Staff across multiple art museums and galleries curated an online database of art and artifacts.
Officials in the Textile Museum, the Luther W. Brady Art Gallery and the Corcoran School of the Arts and Design collaborated to pilot an online database of more than 4,000 works of art from five collections, according to a release last week. Tessa Lummis, a museum registrar, said the database grants students and members of the general public who lack opportunities to regularly visit works of art the ability to educate themselves about important pieces.
“While the museum and University regularly provide physical access to collections, this only serves a very small percentage of scholars,” Lummis said. “This website allows anyone from casual enthusiasts to researchers, including those who are not able to travel and see these pieces in person, to finally discover the gems of these collections.”
She said staff members researched software options for a new collections management database to catalog all University art and artifacts, developed a “back-end” database in April 2018 and launched the public website in late 2019.
Lummis said a working group of museum staff members worked with Zetcom, a software company, to solidify the website’s design and ensure that the site complied with the Americans with Disabilities Act.
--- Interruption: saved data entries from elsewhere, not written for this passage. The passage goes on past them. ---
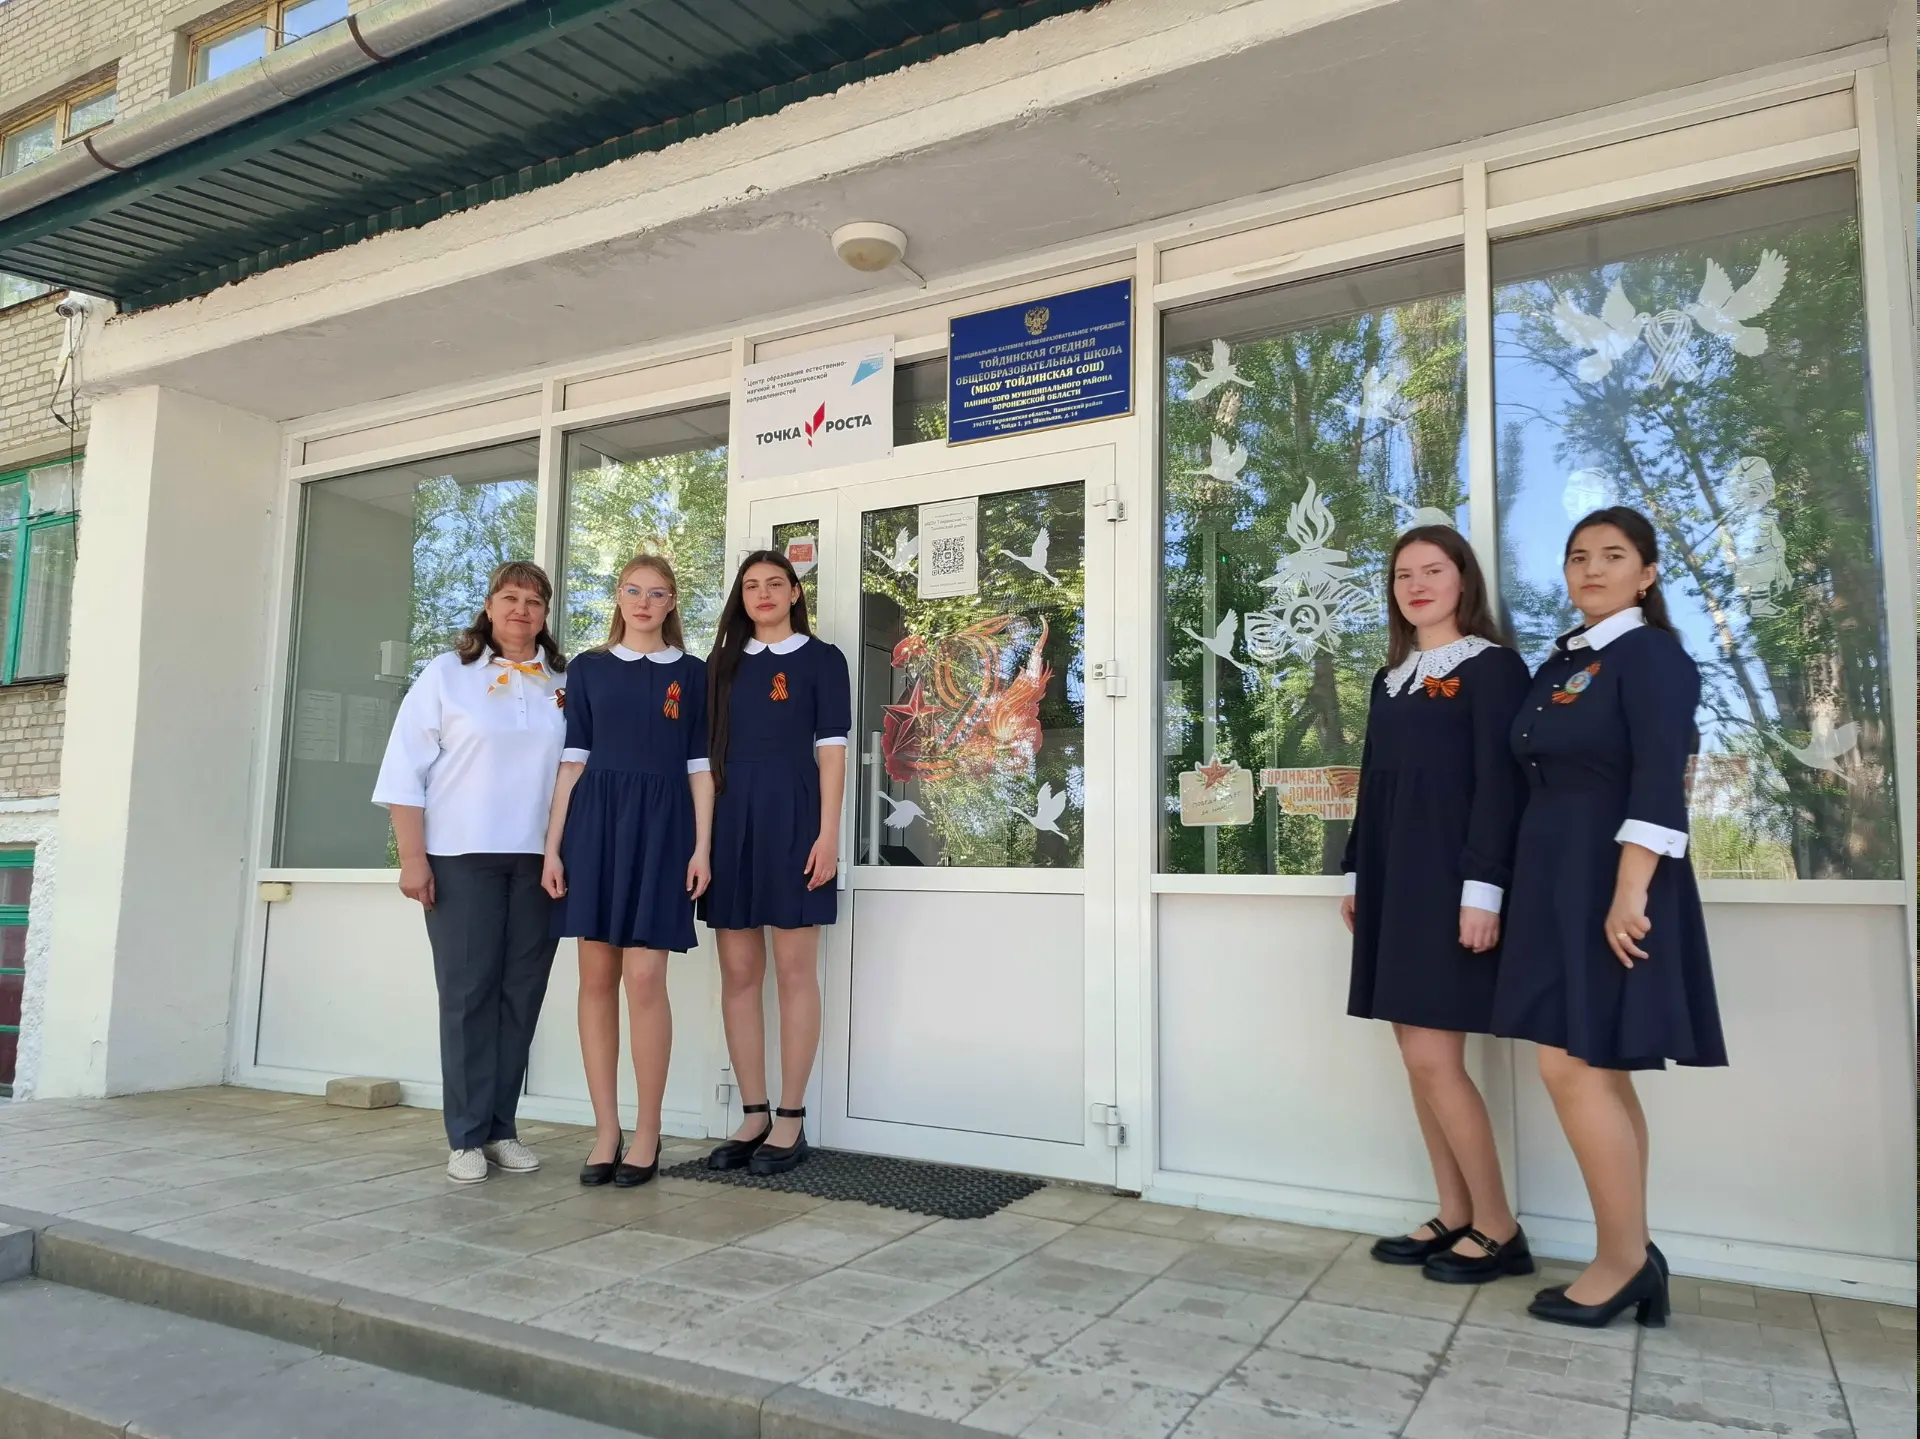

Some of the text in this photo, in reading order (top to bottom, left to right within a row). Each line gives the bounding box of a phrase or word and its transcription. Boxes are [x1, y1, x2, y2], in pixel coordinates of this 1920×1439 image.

[954, 347, 998, 361] МУНИЦИПАЛЬНОЕ
[1025, 329, 1089, 346] ОБЩЕОБРАЗОВАТЕЛЬНОЕ
[1089, 320, 1126, 333] УЧРЕЖДЕНИЕ
[979, 337, 1096, 369] ТОЙДИНСКАЯ СРЕДНЯЯ
[747, 378, 765, 388] Центр
[766, 370, 804, 383] образования
[805, 361, 848, 374] естественно-
[956, 345, 1122, 386] ОБЩЕОБРАЗОВАТЕЛЬНАЯ ШКОЛА
[971, 361, 1105, 395] (МКОУ ТОЙДИНСКАЯ СОШ)
[746, 386, 770, 396] научной
[777, 373, 828, 389] технологической
[746, 388, 797, 404] направленностей
[964, 374, 1113, 408] ПАНИНСКОГО МУНИЦИПАЛЬНОГО РАЙОНА
[992, 389, 1081, 410] ВОРОНЕЖСКОЙ ОБЛАСТИ
[1053, 403, 1085, 413] Панинский
[1085, 400, 1103, 409] район
[756, 414, 873, 446] ТОЧКА РОСТА
She said the working group will continue to respond to feedback and subsequently adjust the database.
“For decades, museums around the world have been pushing to make their collections more accessible to a global audience by making object records available online,” Lummis said. “The George Washington University Museum and The Textile Museum and other arts venues at GW are no different in our desire to give students, scholars, artists and the general public digital access to the collections in our care.”
She said staff across GW’s museums and galleries collaborated to determine which information would be most “beneficial” to list on the website. She said smaller art collections like the Albert H. Small Washingtoniana Collection, which details the history of D.C., have already launched on the website, but managers of larger collections in the Textile Museum selected works to feature based on data and feedback from staff, faculty and scholars.
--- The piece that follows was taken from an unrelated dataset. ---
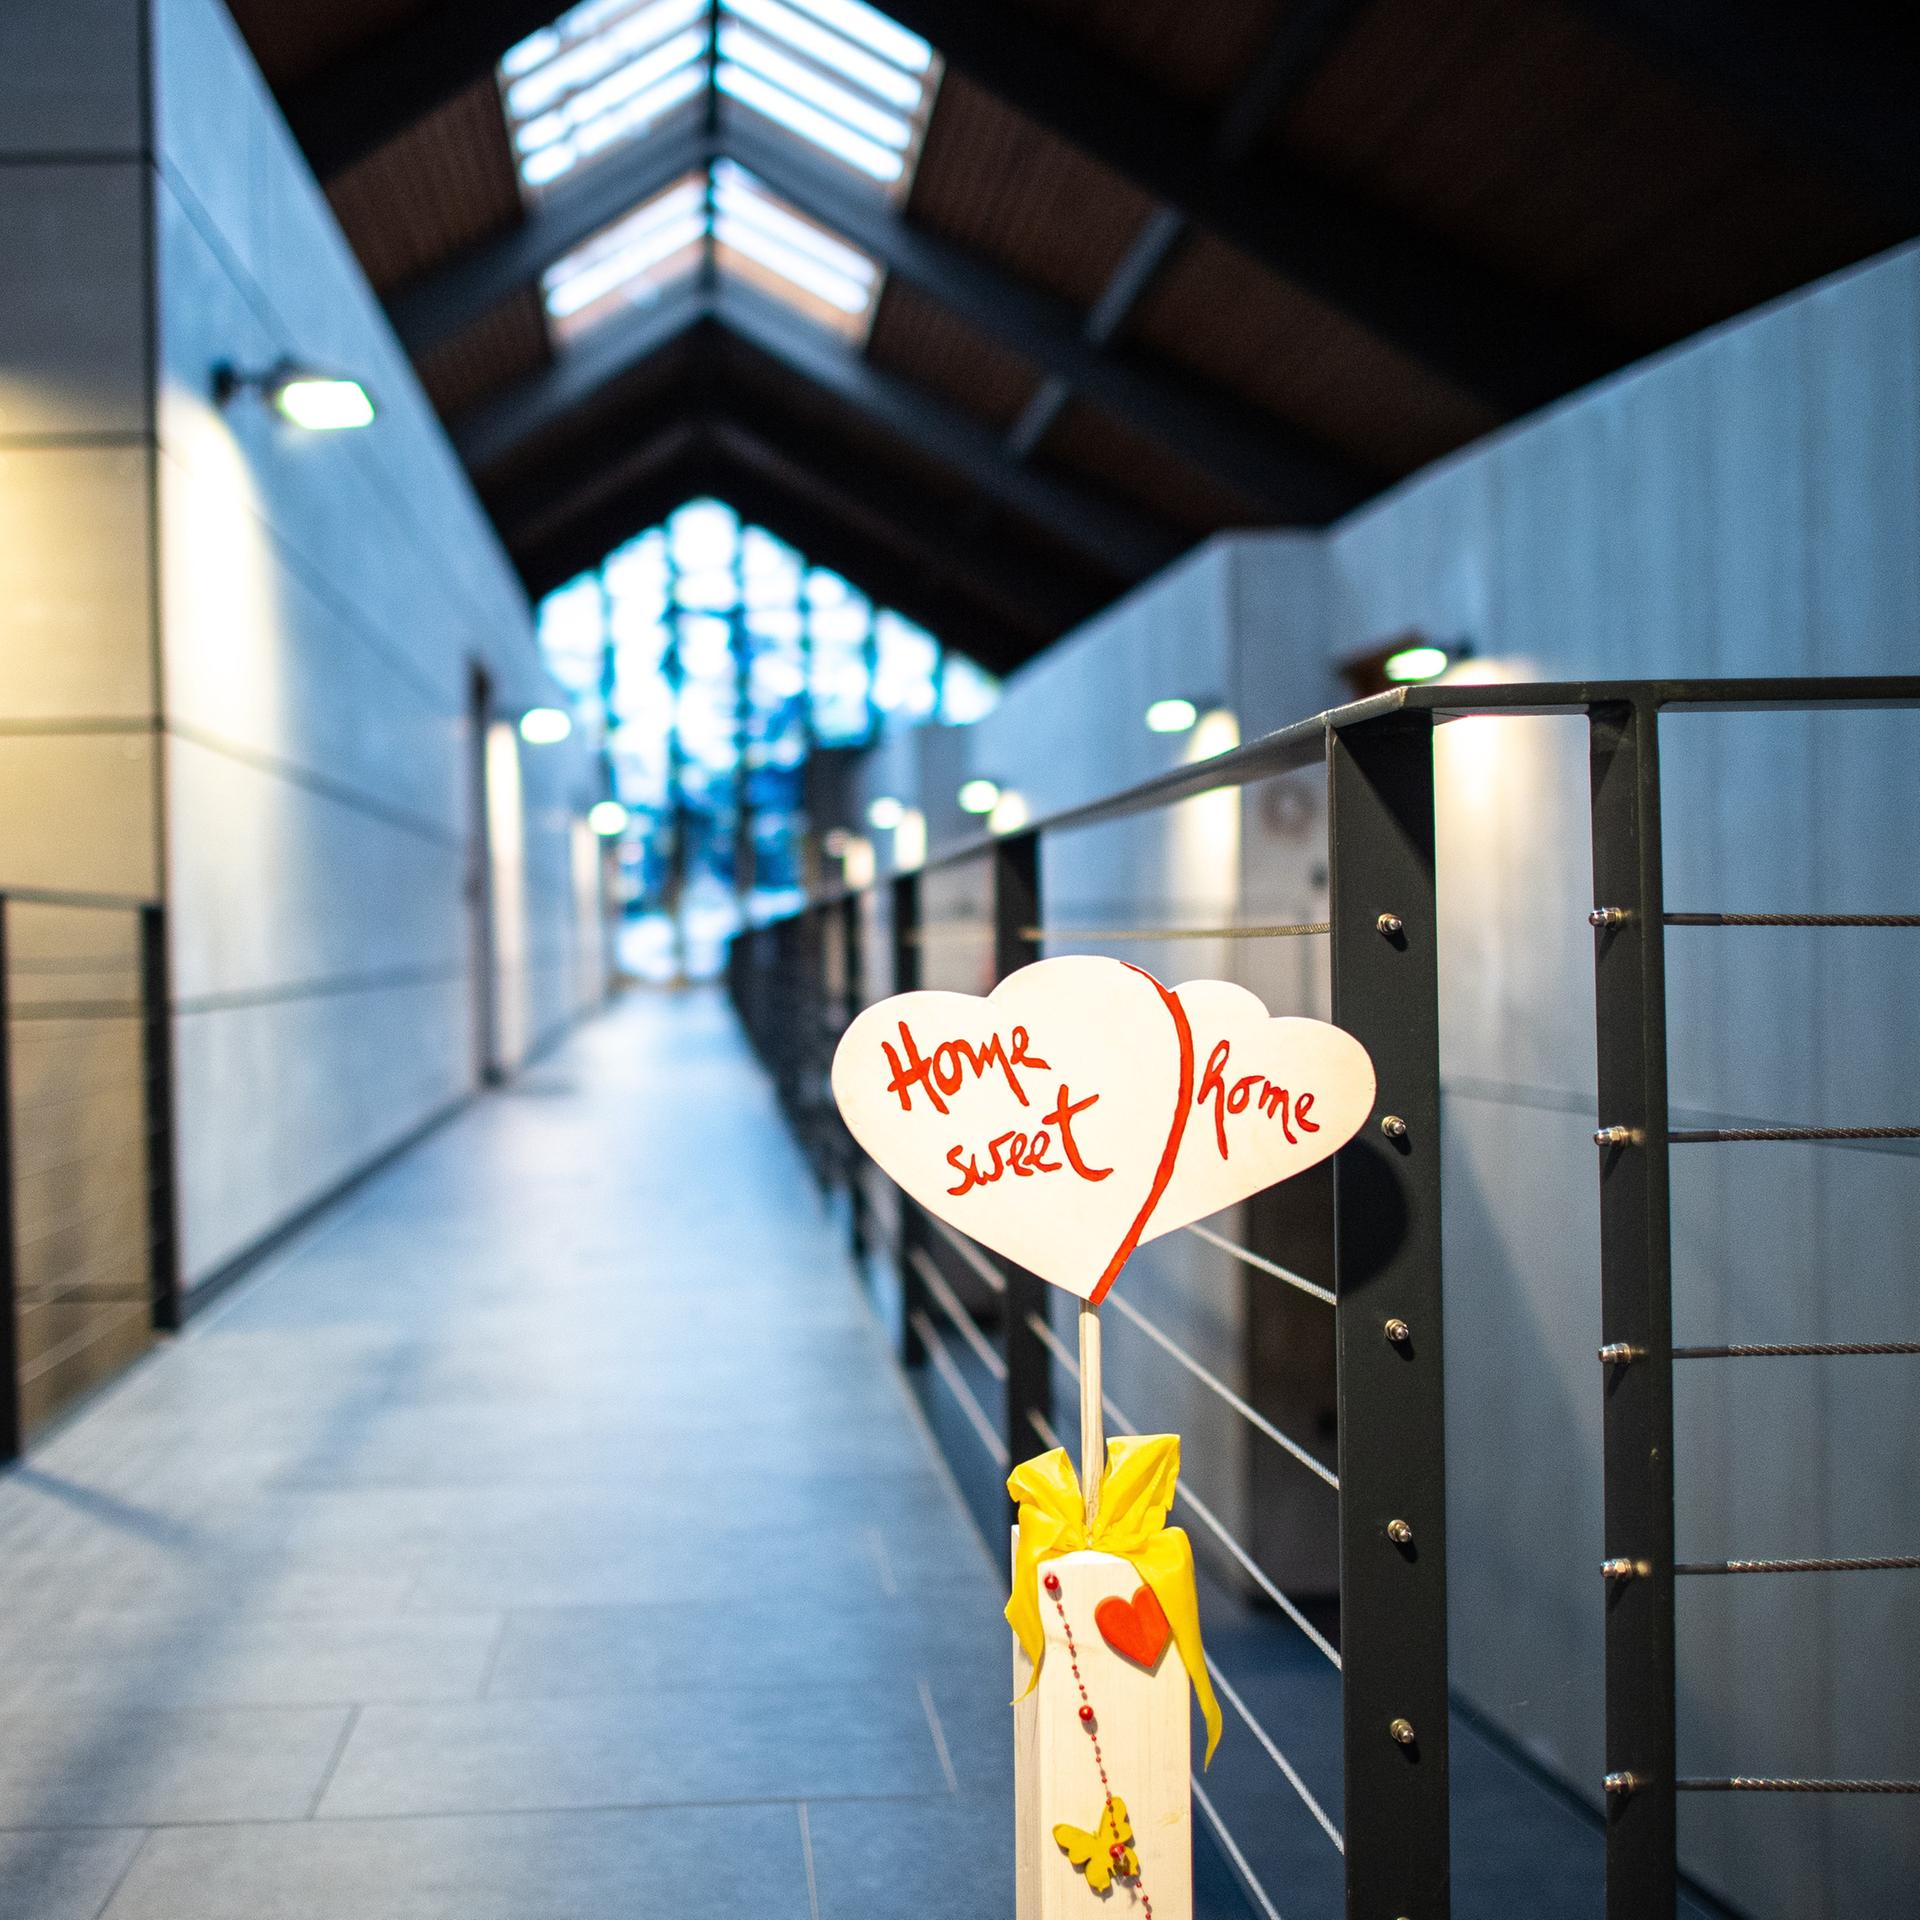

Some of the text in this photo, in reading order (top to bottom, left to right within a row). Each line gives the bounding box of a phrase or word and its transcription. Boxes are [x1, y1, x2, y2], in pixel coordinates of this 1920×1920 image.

[880, 1021, 1051, 1115] Home
[1197, 1040, 1321, 1160] home
[946, 1084, 1114, 1197] sweet
Lummis added that museum staff is working to digitize all 21,000 artworks in the Textile Museum for the art collection’s centennial in 2025.
“In the GW community, students, faculty and staff can benefit from learning about all of the historical and artistic resources at GW, which provide unique research and classroom opportunities,” she said. “However, this website is available globally, so scholars and art enthusiasts from around the world will have access to these five collections like no one has had before.”
Art history experts said granting researchers access to high-quality images of art and artifacts online can benefit students who study “delicate” art mediums or lack opportunities to visit collections in person and complete a wider range of research projects.
Rosie Meindl, a visual resources curator in the Department of Art History at Rhodes College, said students and faculty use art and artwork as “primary sources” to conduct research on how past works reflect the importance of cultural and historical movements.
“Improved access to these three-dimensional collections gives students a wider range of materials to draw on for this kind of research,” Meindl said in an email.
Abigail McEwen, an associate professor of Latin American art at the University of Maryland, said art historians have historically attempted to digitalize images sourced from photographs in books and journals, but the process pixelated and distorted the artwork’s colors. She said digitizing artwork is beneficial to students studying “fragile” artwork formats – like Chinese hand scrolls – who cannot come into close contact with the pieces.
“Access to high-resolution images has tremendous value for research and teaching in art history,” she said in an email.
But she said the online collection curators at GW’s museums and galleries should take care not to insert cultural bias into the decisions about cataloging pieces originating from regions outside Europe and the United States. She said “marginalized” art history fields like modern Latin American art history are often underrepresented in similar databases.
“That said, digitization projects inevitably reflect institutional histories, which have long privileged canonical artists, typically Euro-American and male,” she said in an email.
Andrew McClellan, a professor of art history at Tufts University, said the publication of information and artwork online allows students to more easily conduct research projects, but students must ensure they’re gleaning information from reliable sources.
“One drawback of this reliance is that students come only to rely on it for research and online sources tend not to be peer-reviewed for errors or bias, opening the door to misinformation and distortions,” McClellan said in an email. “Students have no means of knowing what online sources to trust or mistrust.”